Would you please print exactly the lines that run from the one with "Some of the words" to the last line of the data, both included, without any pictures?

# [Provided records]

· · · ·

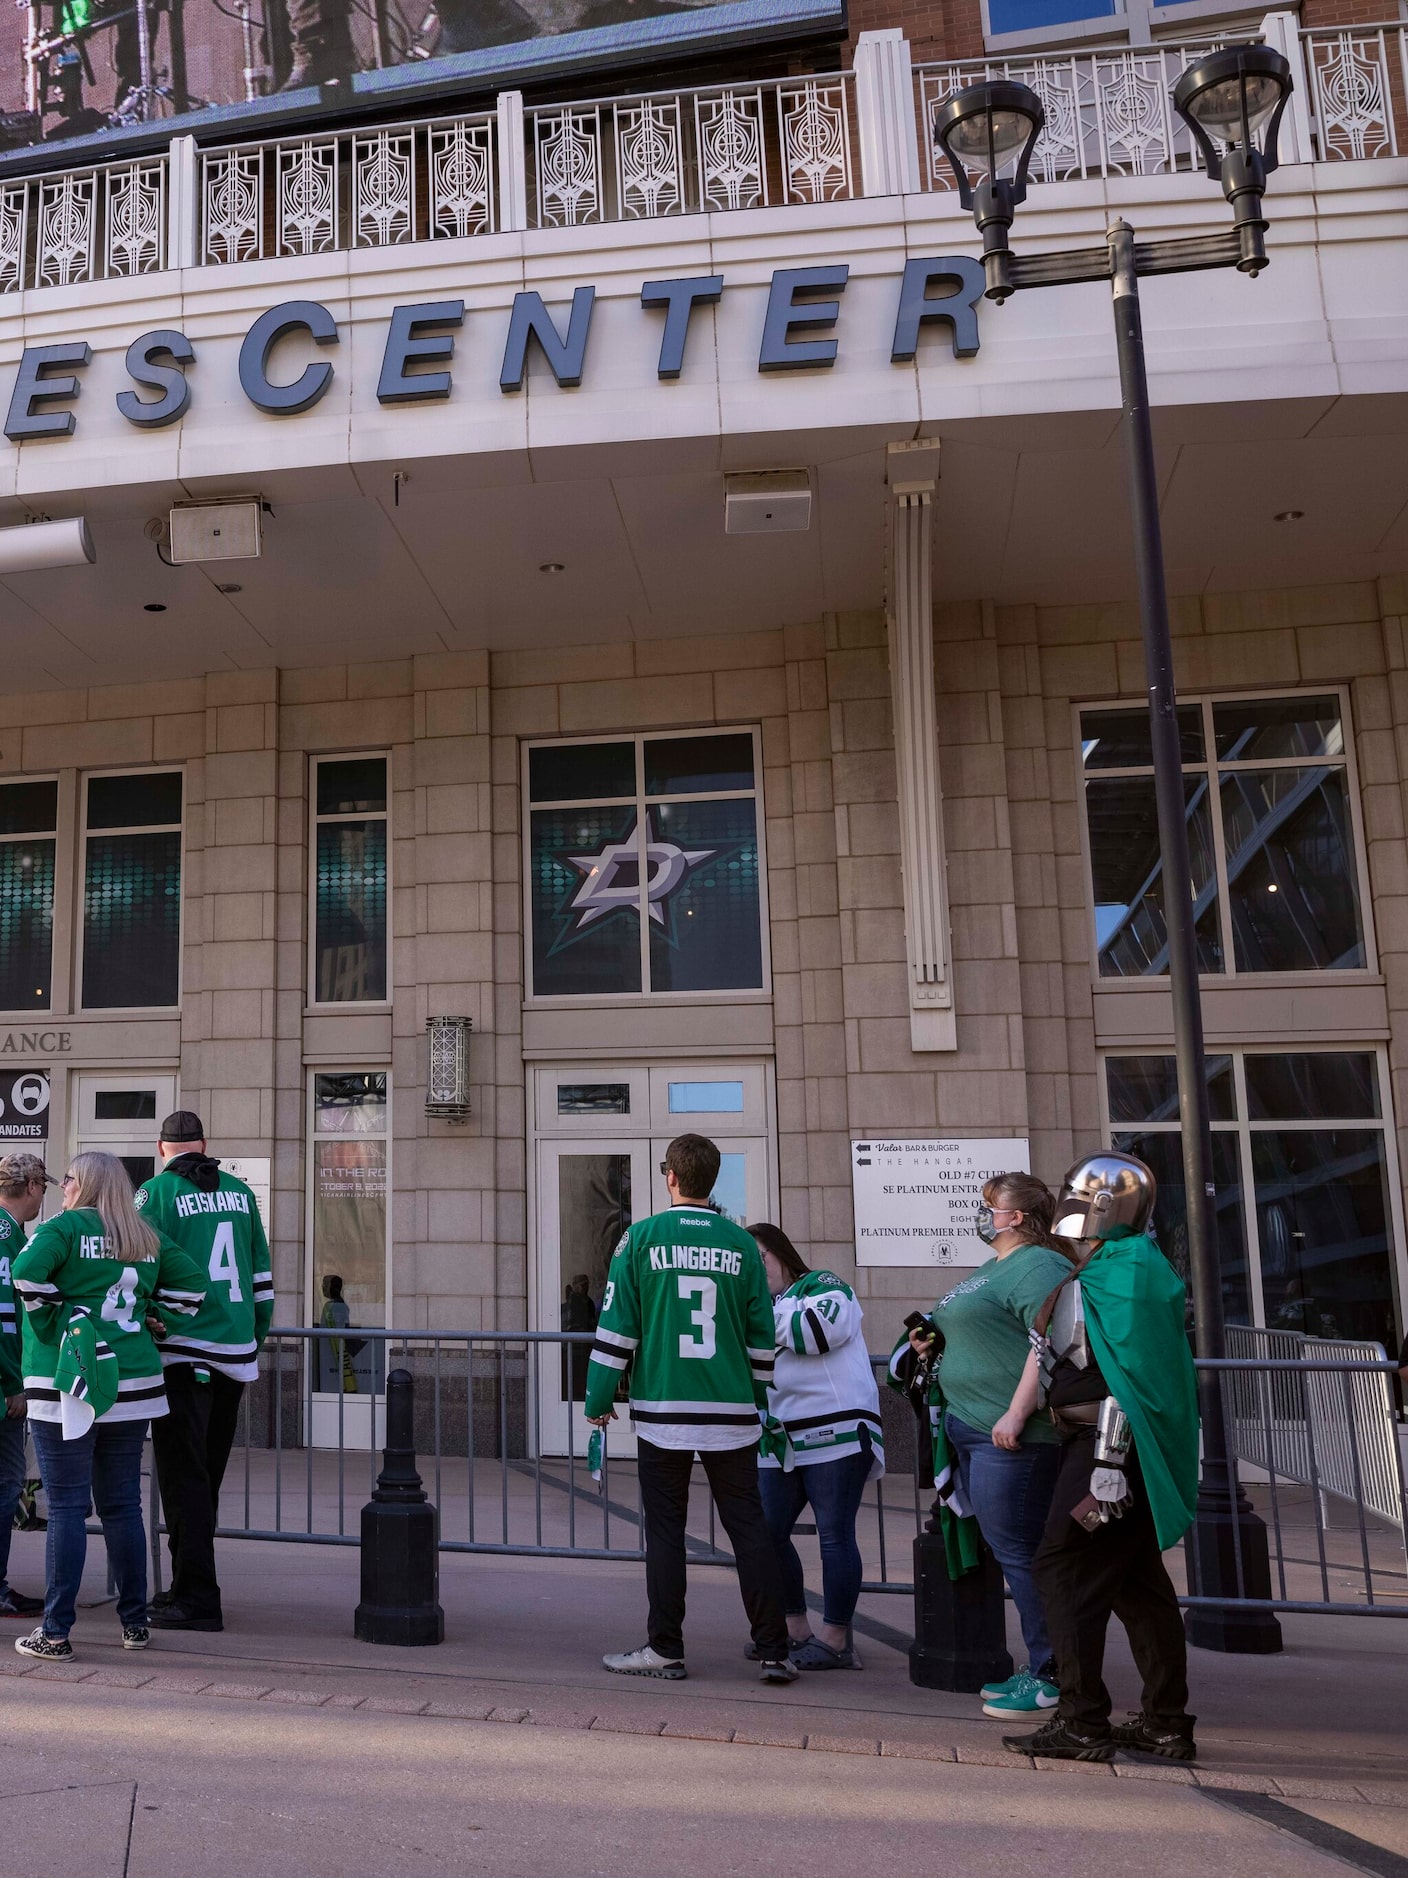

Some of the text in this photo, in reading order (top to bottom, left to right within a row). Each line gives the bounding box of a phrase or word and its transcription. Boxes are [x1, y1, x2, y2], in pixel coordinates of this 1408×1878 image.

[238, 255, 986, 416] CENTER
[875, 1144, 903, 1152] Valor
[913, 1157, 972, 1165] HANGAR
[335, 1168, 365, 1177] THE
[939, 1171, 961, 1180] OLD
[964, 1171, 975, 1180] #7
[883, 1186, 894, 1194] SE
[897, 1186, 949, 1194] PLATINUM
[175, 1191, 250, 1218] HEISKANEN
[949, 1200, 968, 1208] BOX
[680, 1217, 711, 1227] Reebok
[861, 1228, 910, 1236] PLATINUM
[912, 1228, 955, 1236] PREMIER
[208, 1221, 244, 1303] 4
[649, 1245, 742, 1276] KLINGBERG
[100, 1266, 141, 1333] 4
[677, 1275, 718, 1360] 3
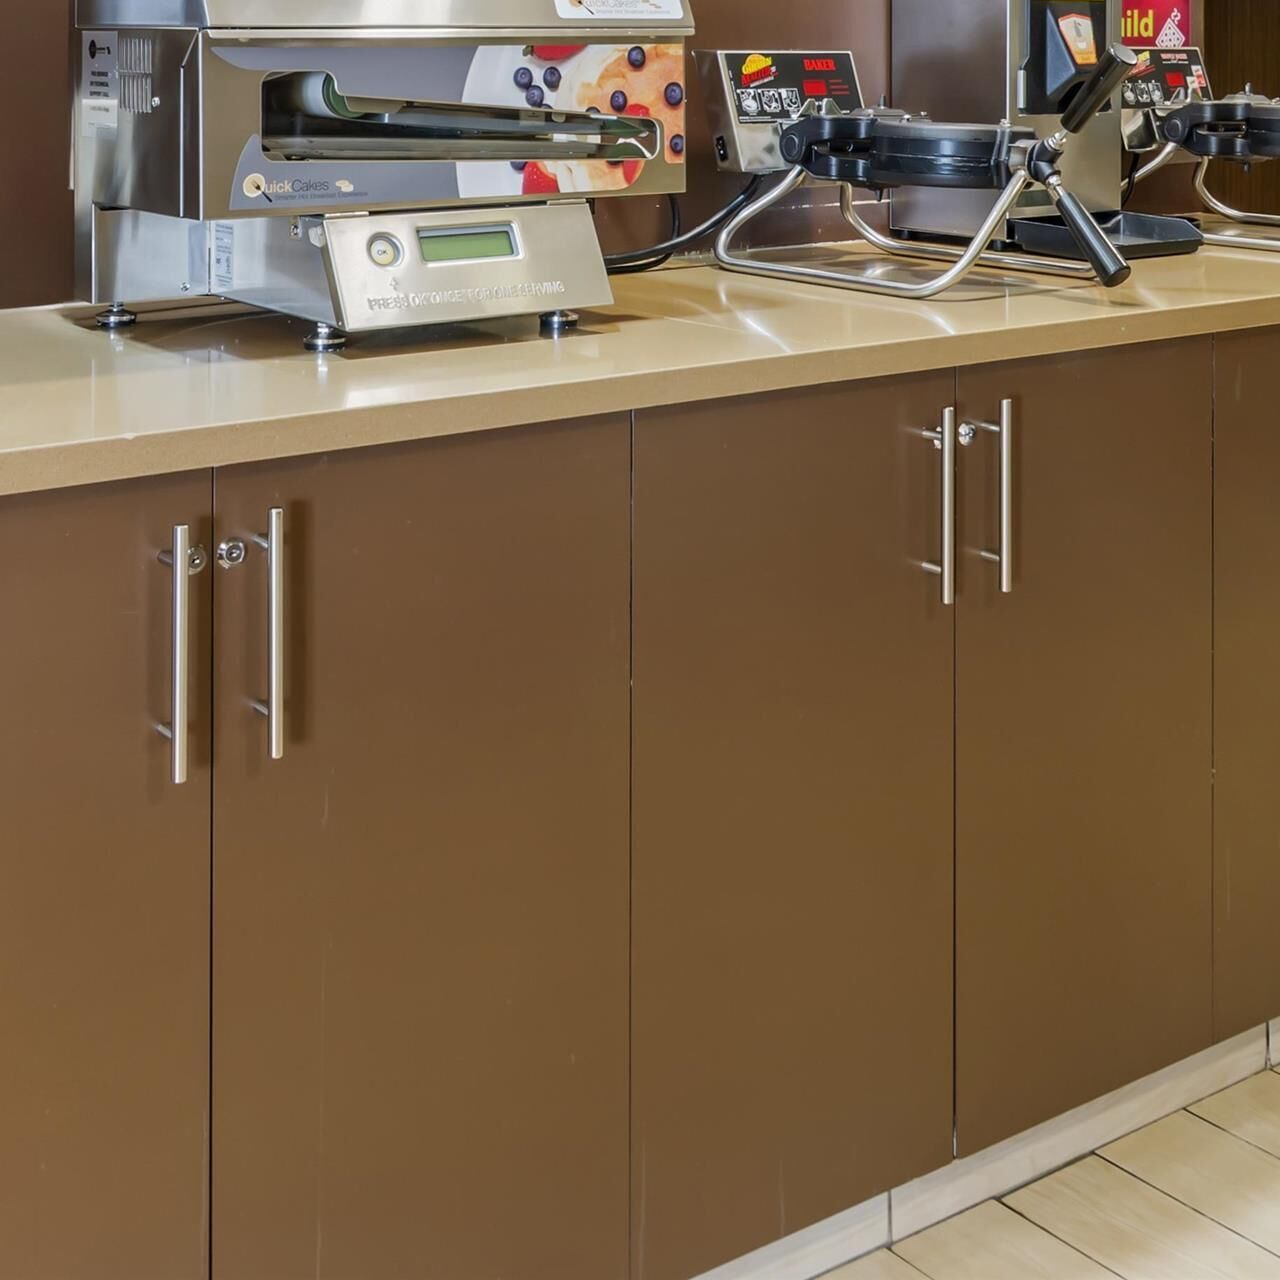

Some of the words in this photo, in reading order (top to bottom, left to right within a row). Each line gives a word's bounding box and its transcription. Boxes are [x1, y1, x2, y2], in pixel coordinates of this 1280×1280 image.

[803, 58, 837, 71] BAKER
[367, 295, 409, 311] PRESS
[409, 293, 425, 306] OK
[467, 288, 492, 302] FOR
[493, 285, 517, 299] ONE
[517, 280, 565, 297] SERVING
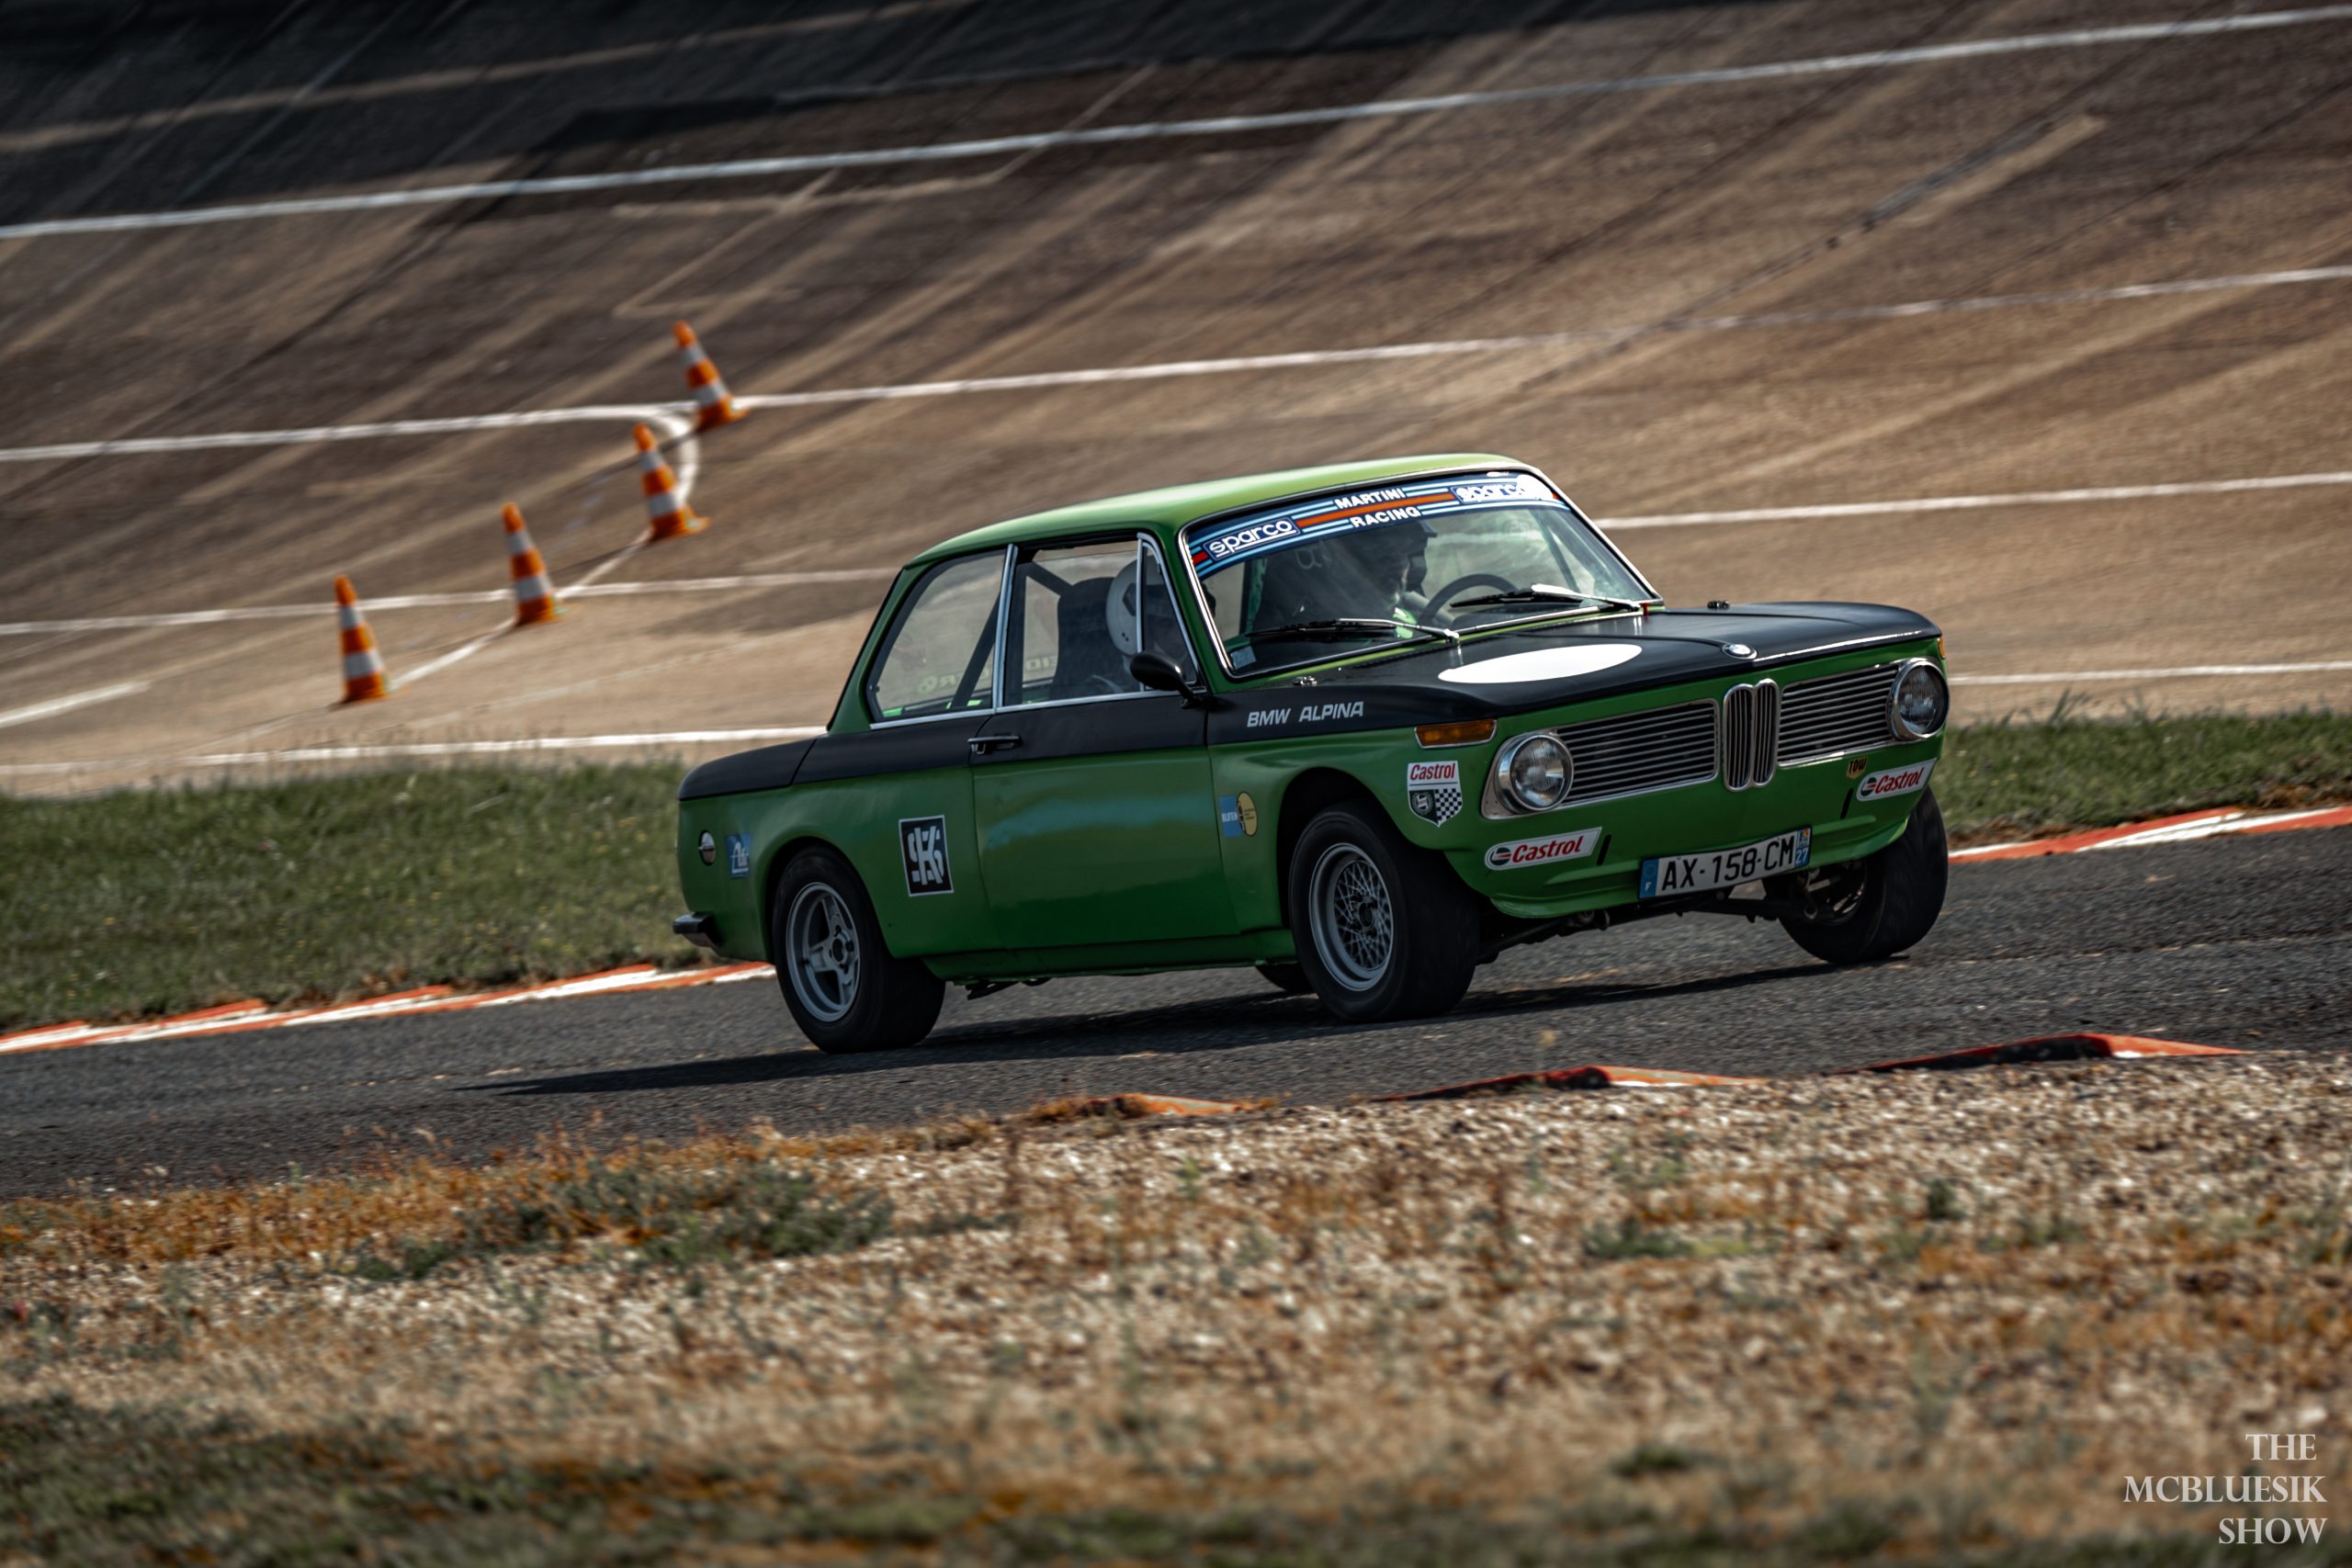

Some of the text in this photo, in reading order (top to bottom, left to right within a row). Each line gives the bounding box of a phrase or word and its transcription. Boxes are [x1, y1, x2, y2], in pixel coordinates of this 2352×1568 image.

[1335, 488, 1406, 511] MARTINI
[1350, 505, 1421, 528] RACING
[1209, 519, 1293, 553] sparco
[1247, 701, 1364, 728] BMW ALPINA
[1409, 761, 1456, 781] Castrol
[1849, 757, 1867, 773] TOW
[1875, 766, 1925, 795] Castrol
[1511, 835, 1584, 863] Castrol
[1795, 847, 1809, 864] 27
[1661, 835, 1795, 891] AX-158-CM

· · · ·

# [Response below]
Some of the words in this photo, in reading order (top to bottom, left to right within a row). Each line gives a word's bounding box and its transcription. Boxes are [x1, y1, x2, y2], in pixel coordinates of this 1280×1280 image.

[803, 58, 837, 71] BAKER
[367, 295, 409, 311] PRESS
[409, 293, 425, 306] OK
[467, 288, 492, 302] FOR
[493, 285, 517, 299] ONE
[517, 280, 565, 297] SERVING

Some of the text in this photo, in reading order (top to bottom, left to right within a row). Each line gives the bounding box of a phrase or word and its transcription. Boxes are [x1, y1, x2, y2], in pixel coordinates of this 2352×1568 image.

[1335, 488, 1406, 511] MARTINI
[1350, 505, 1421, 528] RACING
[1209, 519, 1293, 553] sparco
[1247, 701, 1364, 728] BMW ALPINA
[1409, 761, 1456, 781] Castrol
[1849, 757, 1867, 773] TOW
[1875, 766, 1925, 795] Castrol
[1511, 835, 1584, 863] Castrol
[1795, 847, 1809, 864] 27
[1661, 835, 1795, 891] AX-158-CM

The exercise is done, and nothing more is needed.